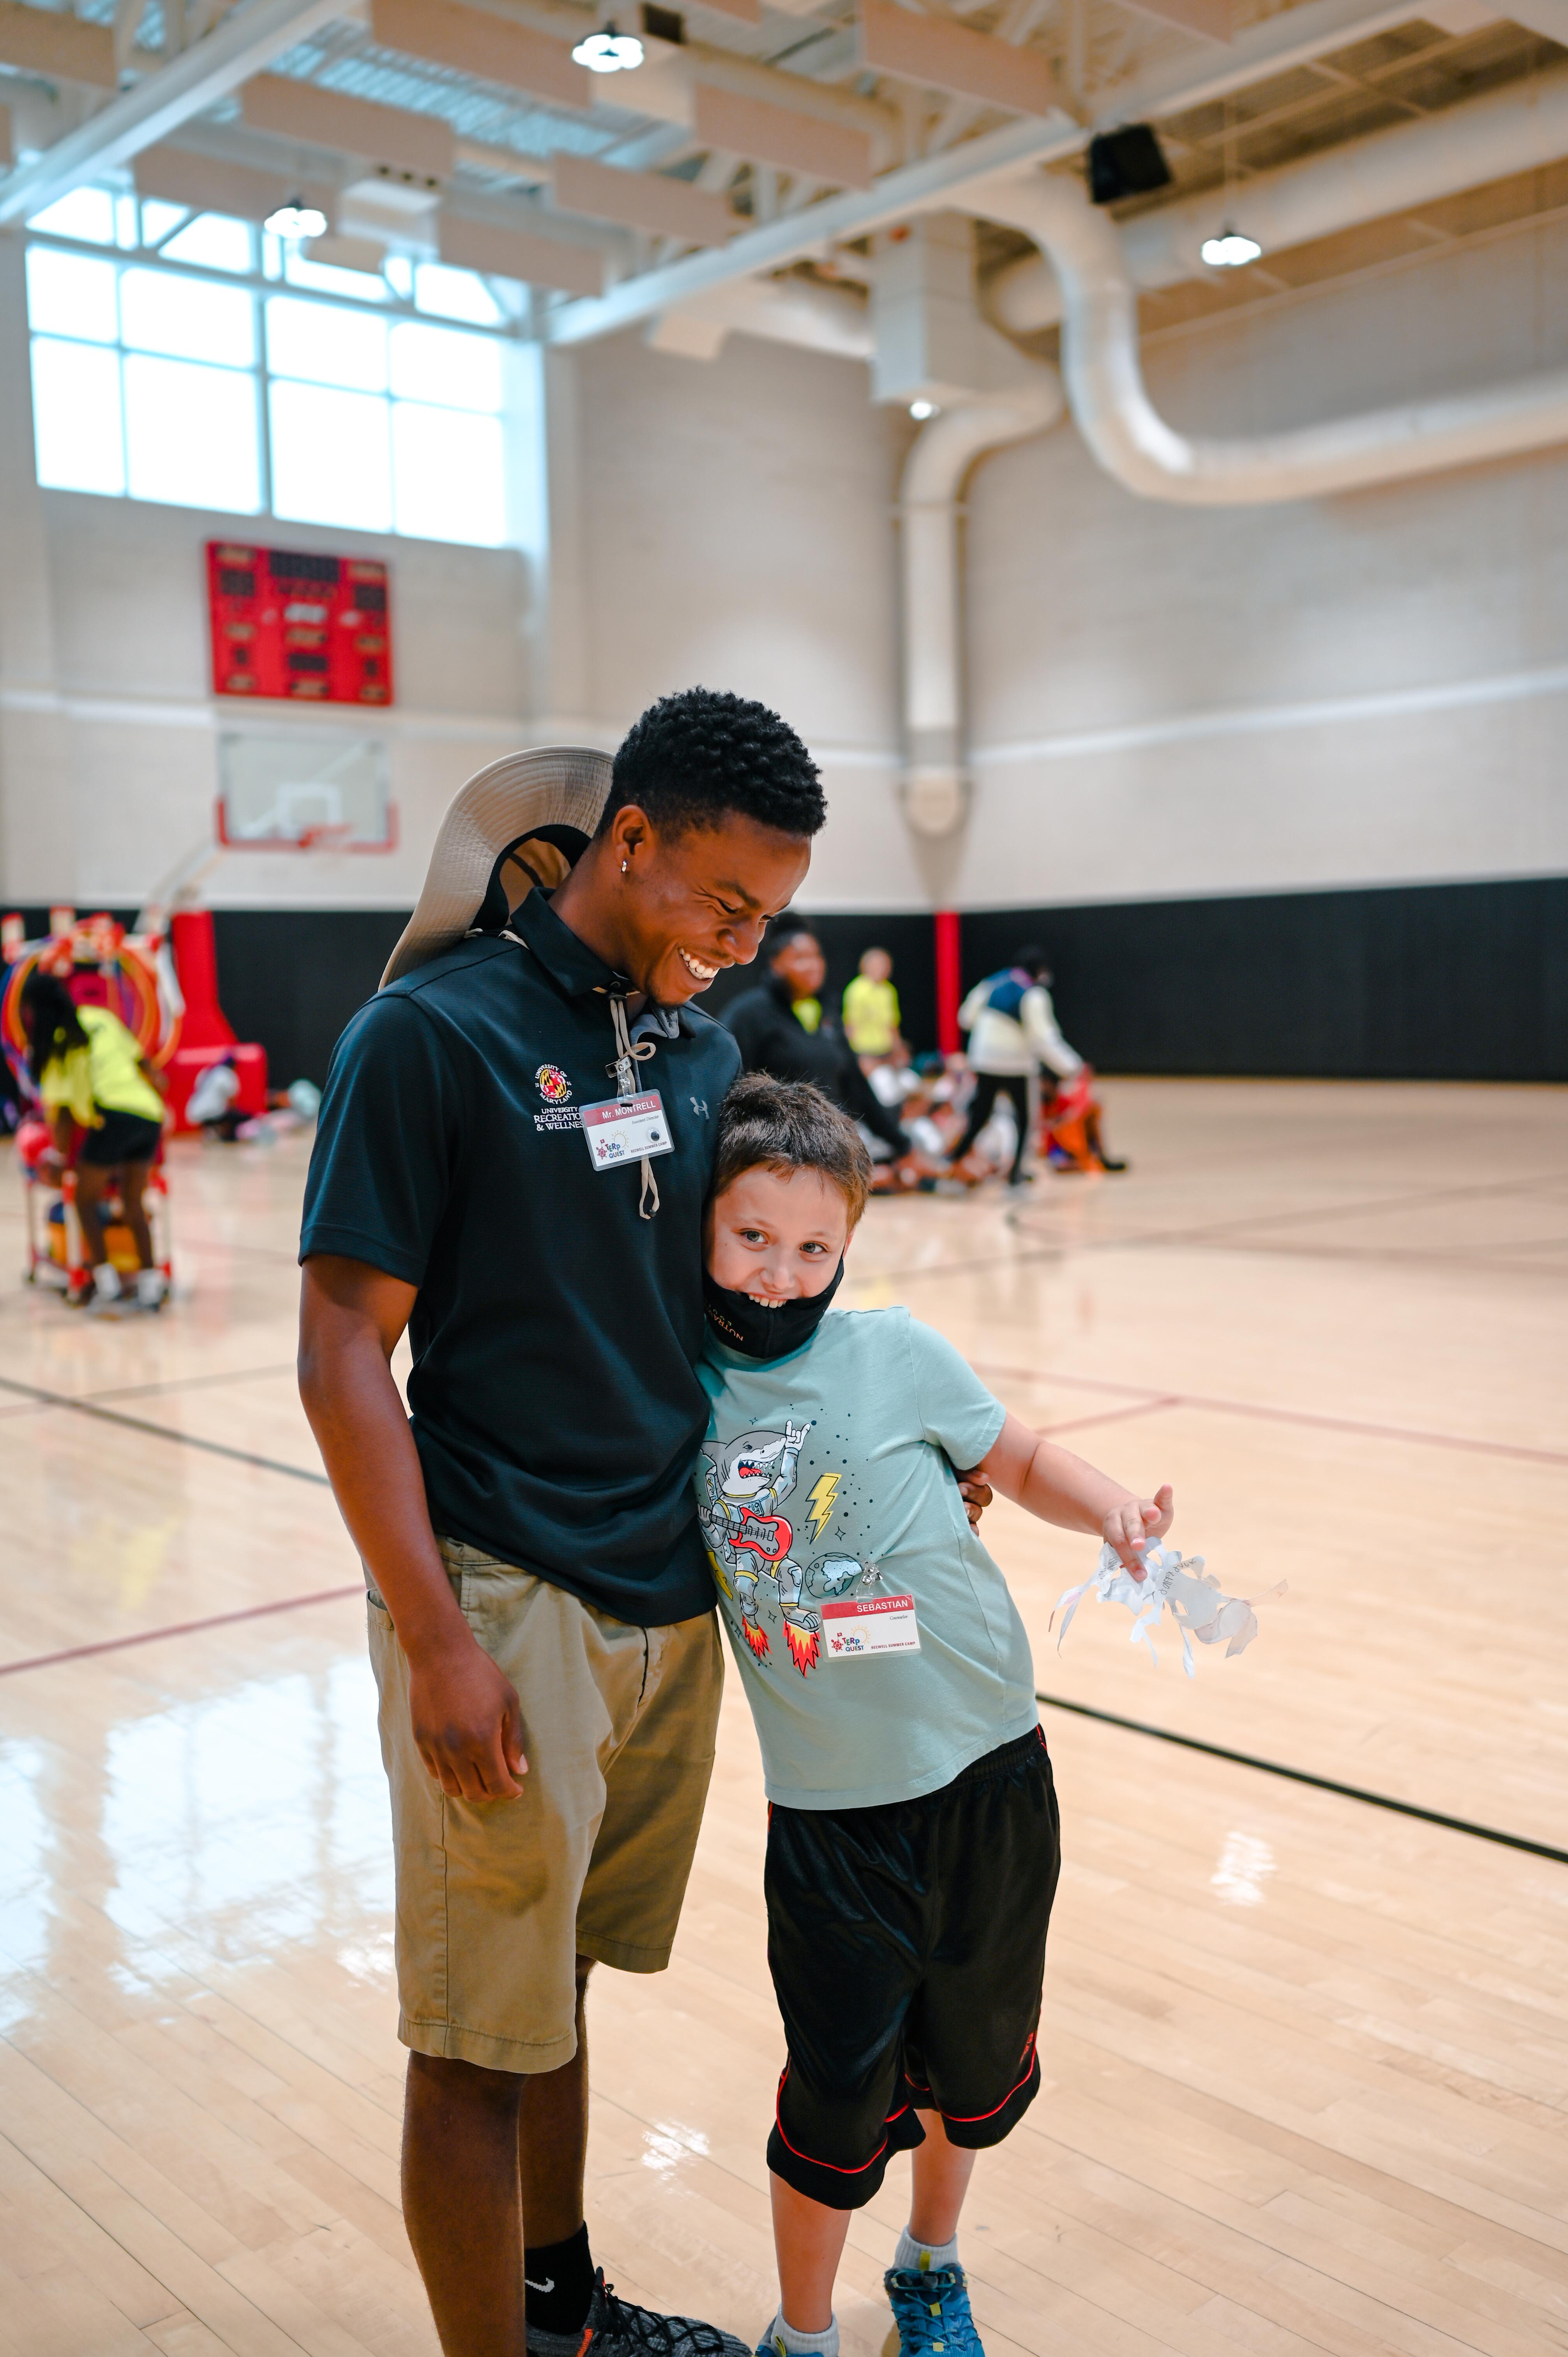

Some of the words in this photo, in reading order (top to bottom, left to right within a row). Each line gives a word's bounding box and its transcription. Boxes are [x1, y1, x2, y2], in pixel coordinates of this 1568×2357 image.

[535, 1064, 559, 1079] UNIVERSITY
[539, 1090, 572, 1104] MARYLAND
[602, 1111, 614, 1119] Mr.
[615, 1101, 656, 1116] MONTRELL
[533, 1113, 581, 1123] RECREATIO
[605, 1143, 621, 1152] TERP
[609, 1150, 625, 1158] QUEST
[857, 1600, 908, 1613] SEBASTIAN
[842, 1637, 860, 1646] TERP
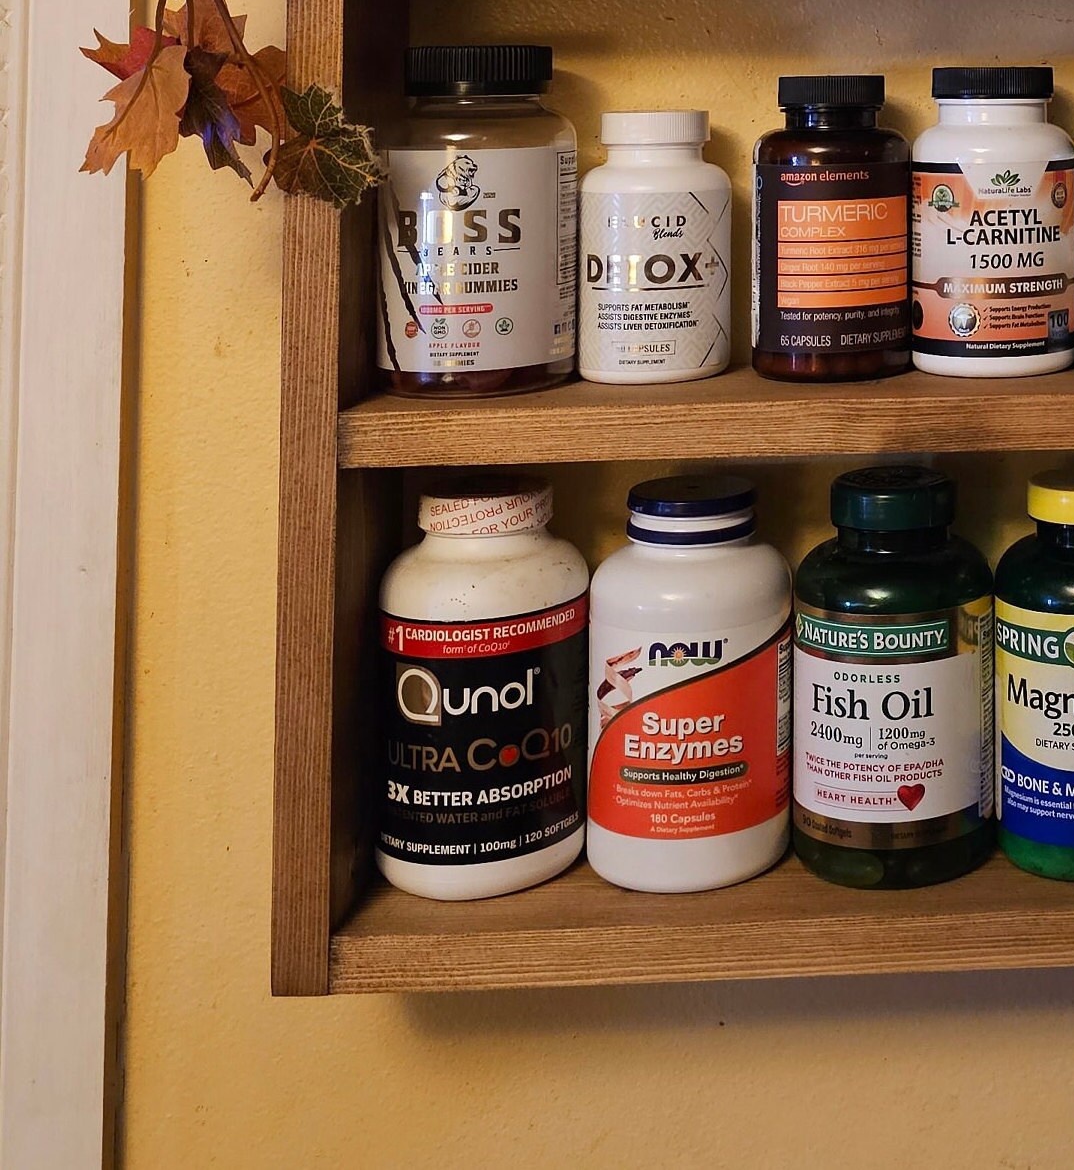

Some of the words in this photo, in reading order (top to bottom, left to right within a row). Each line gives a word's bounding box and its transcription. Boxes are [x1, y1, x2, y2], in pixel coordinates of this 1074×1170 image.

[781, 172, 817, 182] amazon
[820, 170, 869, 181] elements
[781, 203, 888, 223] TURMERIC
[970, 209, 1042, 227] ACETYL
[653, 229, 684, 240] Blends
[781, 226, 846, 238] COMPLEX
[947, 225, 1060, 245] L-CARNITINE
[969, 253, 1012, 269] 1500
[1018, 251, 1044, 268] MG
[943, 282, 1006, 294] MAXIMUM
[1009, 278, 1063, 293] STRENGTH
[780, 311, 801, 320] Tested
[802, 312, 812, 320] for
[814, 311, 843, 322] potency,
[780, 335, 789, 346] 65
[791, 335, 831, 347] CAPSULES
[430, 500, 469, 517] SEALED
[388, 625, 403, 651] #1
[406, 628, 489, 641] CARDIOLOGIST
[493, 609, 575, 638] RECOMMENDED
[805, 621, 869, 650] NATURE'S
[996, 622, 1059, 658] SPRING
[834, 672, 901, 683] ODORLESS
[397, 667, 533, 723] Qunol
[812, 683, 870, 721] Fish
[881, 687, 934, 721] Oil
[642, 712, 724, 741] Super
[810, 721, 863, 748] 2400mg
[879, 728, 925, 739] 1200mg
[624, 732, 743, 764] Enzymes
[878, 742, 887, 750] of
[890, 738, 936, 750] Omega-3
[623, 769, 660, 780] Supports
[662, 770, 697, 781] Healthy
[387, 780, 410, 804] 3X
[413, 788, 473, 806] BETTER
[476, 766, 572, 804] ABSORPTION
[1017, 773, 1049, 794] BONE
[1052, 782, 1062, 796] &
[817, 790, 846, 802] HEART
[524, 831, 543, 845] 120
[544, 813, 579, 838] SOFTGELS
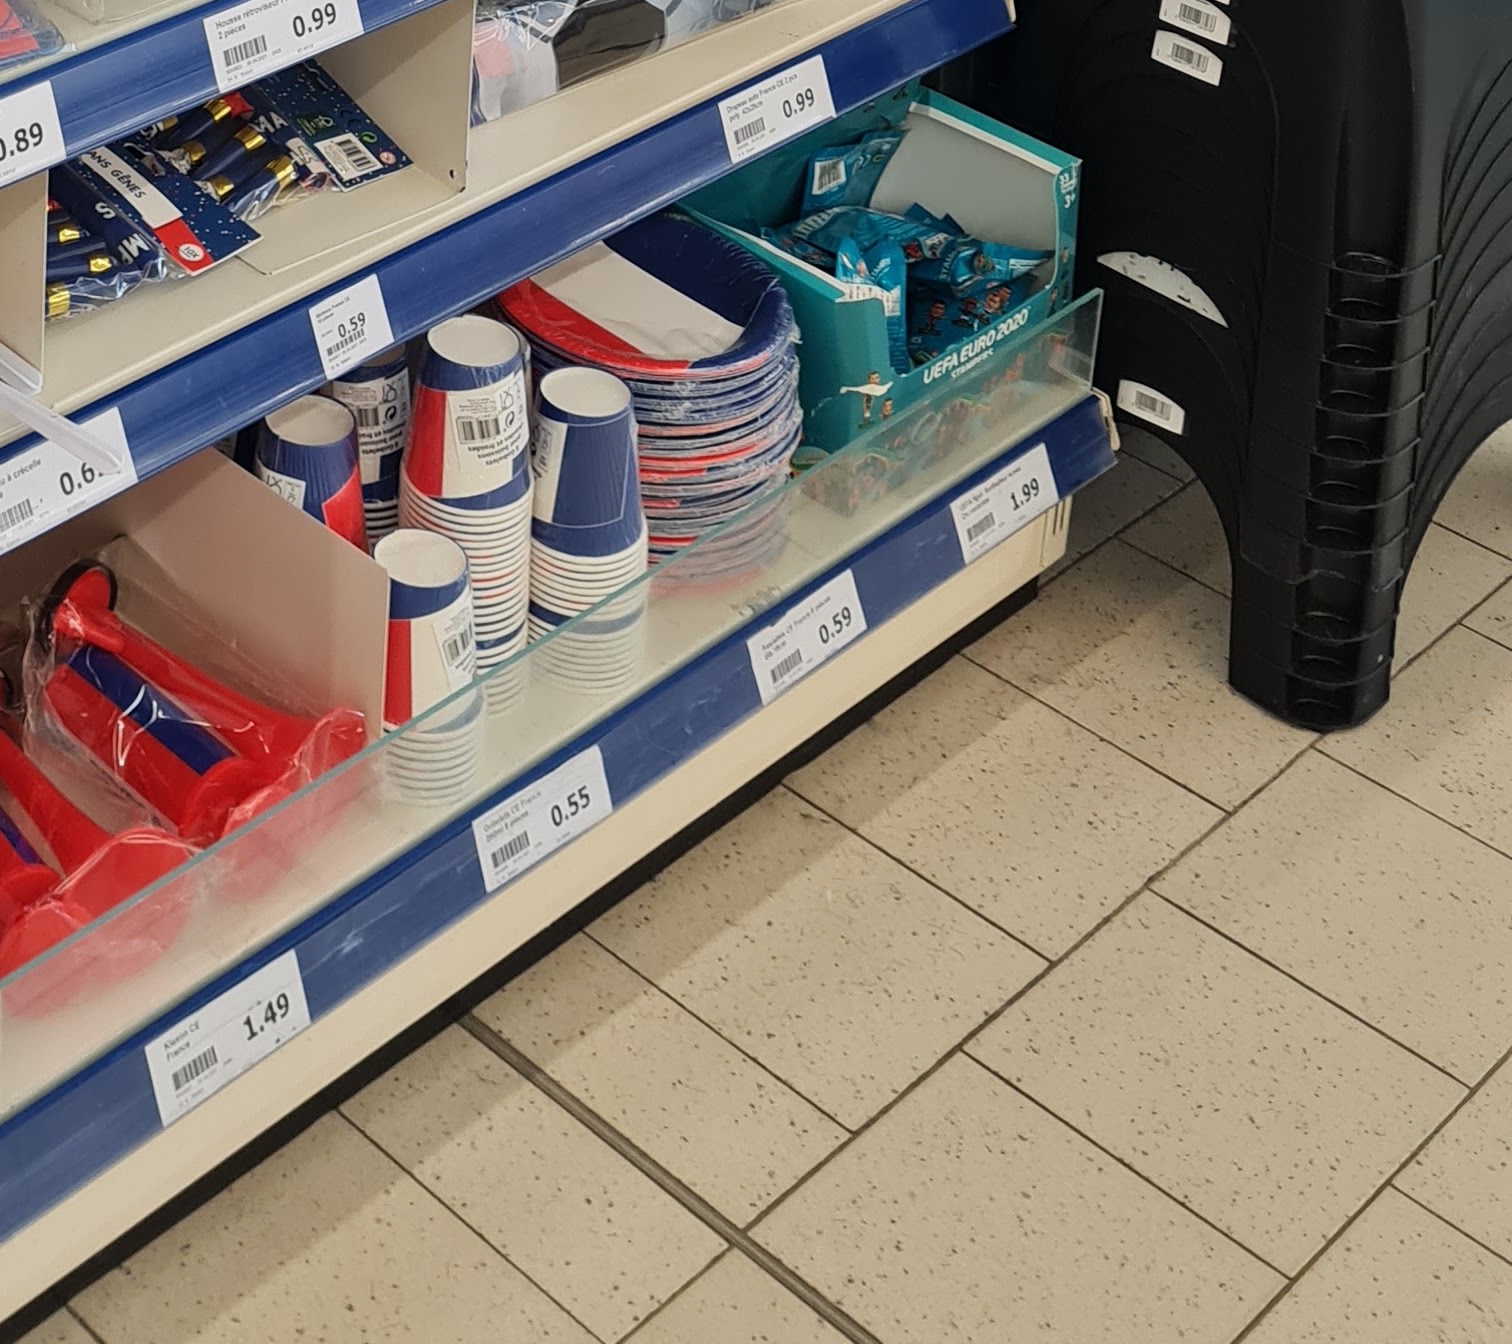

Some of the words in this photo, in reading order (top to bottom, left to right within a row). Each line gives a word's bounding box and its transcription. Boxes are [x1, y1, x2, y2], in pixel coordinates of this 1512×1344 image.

*INSTRUCTIONS FOR THE TASK*. Although the records contain pictures, the copy should consist of their text alone, reproduced exactly.

*ANSWER TO THIS EXERCISE*.
Some of the words in this photo, in reading order (top to bottom, left to right within a row). Each line gives a word's bounding box and its transcription. Boxes are [x1, y1, x2, y2], in pixel coordinates of this 1568×2357 image.

[535, 1064, 559, 1079] UNIVERSITY
[539, 1090, 572, 1104] MARYLAND
[602, 1111, 614, 1119] Mr.
[615, 1101, 656, 1116] MONTRELL
[533, 1113, 581, 1123] RECREATIO
[605, 1143, 621, 1152] TERP
[609, 1150, 625, 1158] QUEST
[857, 1600, 908, 1613] SEBASTIAN
[842, 1637, 860, 1646] TERP

Some of the words in this photo, in reading order (top to bottom, left to right within a row). Each line gives a word's bounding box and its transcription. Boxes are [x1, y1, x2, y2], in pixel coordinates of this 1074×1170 image.

[781, 172, 817, 182] amazon
[820, 170, 869, 181] elements
[781, 203, 888, 223] TURMERIC
[970, 209, 1042, 227] ACETYL
[653, 229, 684, 240] Blends
[781, 226, 846, 238] COMPLEX
[947, 225, 1060, 245] L-CARNITINE
[969, 253, 1012, 269] 1500
[1018, 251, 1044, 268] MG
[943, 282, 1006, 294] MAXIMUM
[1009, 278, 1063, 293] STRENGTH
[780, 311, 801, 320] Tested
[802, 312, 812, 320] for
[814, 311, 843, 322] potency,
[780, 335, 789, 346] 65
[791, 335, 831, 347] CAPSULES
[430, 500, 469, 517] SEALED
[388, 625, 403, 651] #1
[406, 628, 489, 641] CARDIOLOGIST
[493, 609, 575, 638] RECOMMENDED
[805, 621, 869, 650] NATURE'S
[996, 622, 1059, 658] SPRING
[834, 672, 901, 683] ODORLESS
[397, 667, 533, 723] Qunol
[812, 683, 870, 721] Fish
[881, 687, 934, 721] Oil
[642, 712, 724, 741] Super
[810, 721, 863, 748] 2400mg
[879, 728, 925, 739] 1200mg
[624, 732, 743, 764] Enzymes
[878, 742, 887, 750] of
[890, 738, 936, 750] Omega-3
[623, 769, 660, 780] Supports
[662, 770, 697, 781] Healthy
[387, 780, 410, 804] 3X
[413, 788, 473, 806] BETTER
[476, 766, 572, 804] ABSORPTION
[1017, 773, 1049, 794] BONE
[1052, 782, 1062, 796] &
[817, 790, 846, 802] HEART
[524, 831, 543, 845] 120
[544, 813, 579, 838] SOFTGELS

Some of the words in this photo, in reading order (top to bottom, left to right within a row). Each line gives a word's bounding box and its transcription. Boxes are [x1, y1, x2, y2], in pixel coordinates of this 1512×1344 image.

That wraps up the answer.